» **Records for processing**:
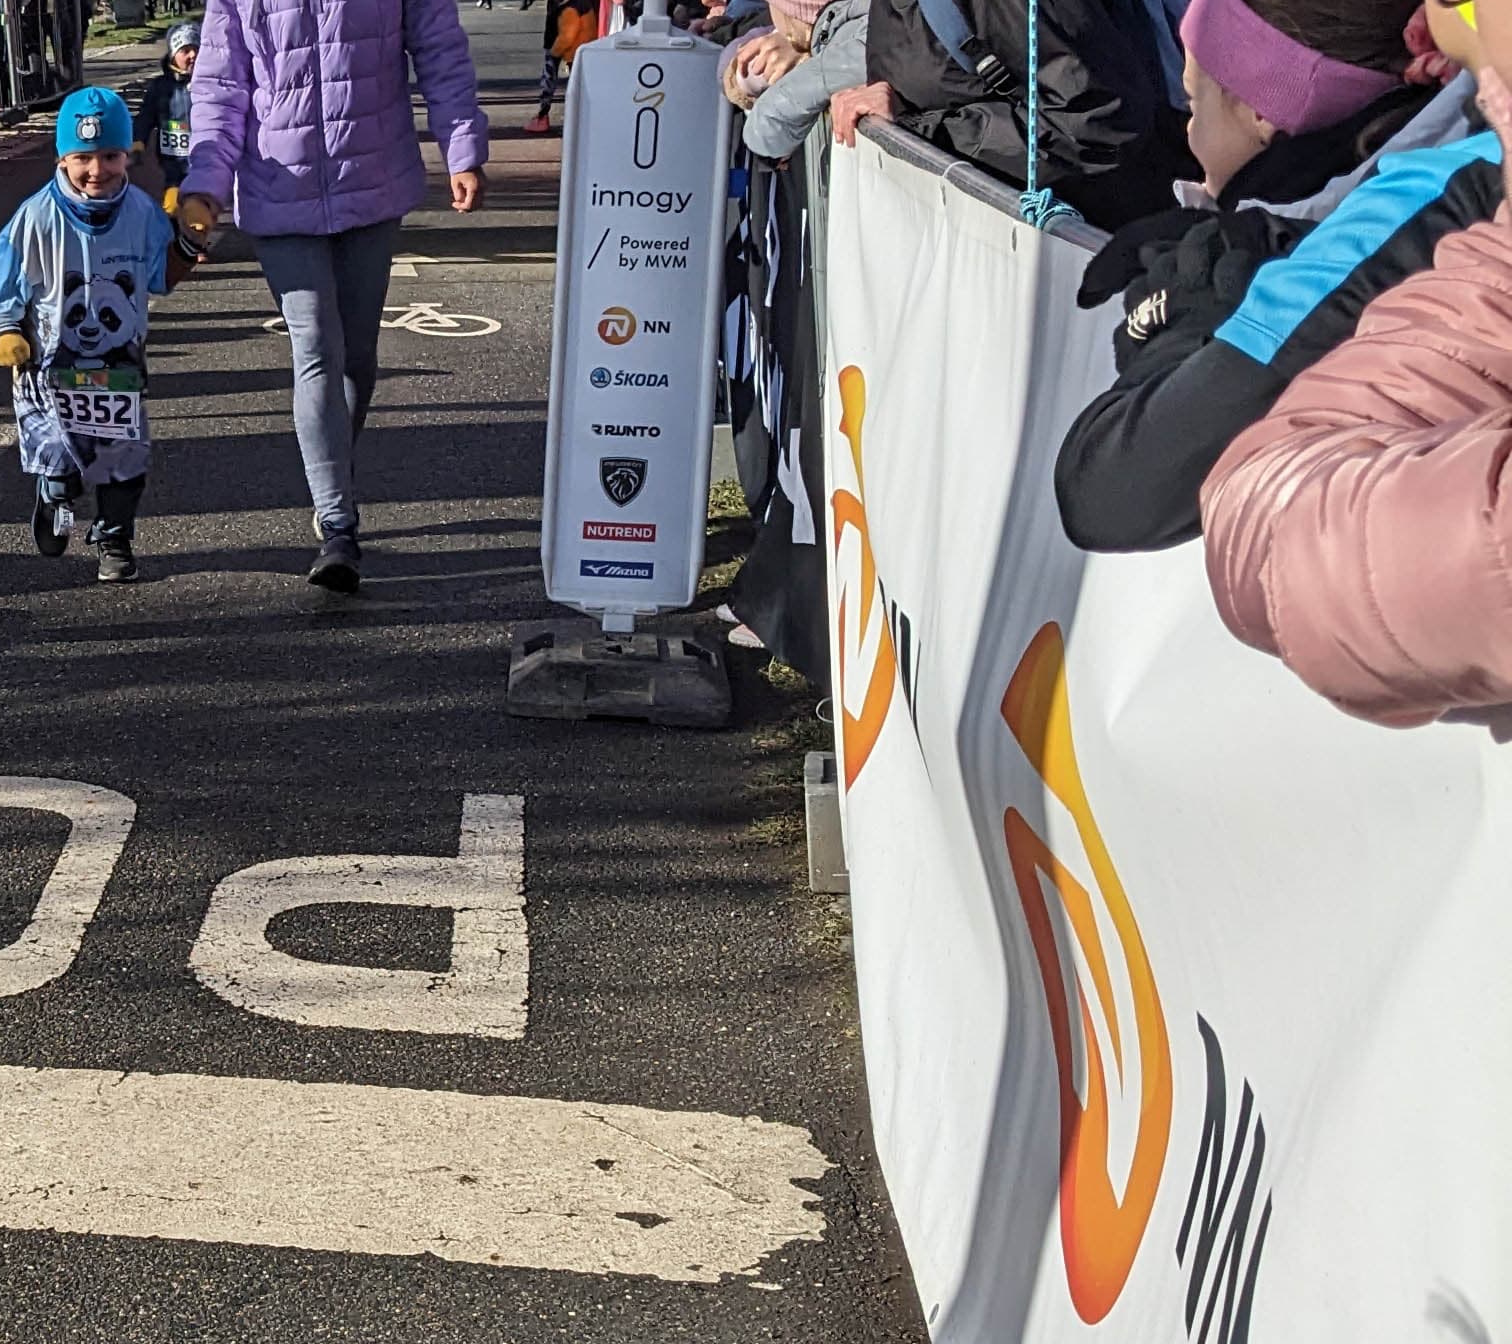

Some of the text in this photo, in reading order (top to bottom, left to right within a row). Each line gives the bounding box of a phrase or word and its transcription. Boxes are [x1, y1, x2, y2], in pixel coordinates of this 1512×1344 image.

[161, 132, 190, 149] 338
[592, 184, 693, 214] innogy
[620, 235, 690, 252] Powered
[619, 254, 687, 272] by MVM
[643, 320, 671, 334] NN
[613, 369, 670, 387] ŠKODA
[54, 392, 132, 425] 3352
[604, 425, 661, 438] RUNTO
[586, 524, 653, 539] NUTREND

» **Required action**: Only an exact copy of the entries, with no pictures, is expected as the answer.

» **Answer to this task**:
Some of the text in this photo, in reading order (top to bottom, left to right within a row). Each line gives the bounding box of a phrase or word and its transcription. Boxes are [x1, y1, x2, y2], in pixel coordinates of this 1512×1344 image.

[161, 132, 190, 149] 338
[592, 184, 693, 214] innogy
[620, 235, 690, 252] Powered
[619, 254, 687, 272] by MVM
[643, 320, 671, 334] NN
[613, 369, 670, 387] ŠKODA
[54, 392, 132, 425] 3352
[604, 425, 661, 438] RUNTO
[586, 524, 653, 539] NUTREND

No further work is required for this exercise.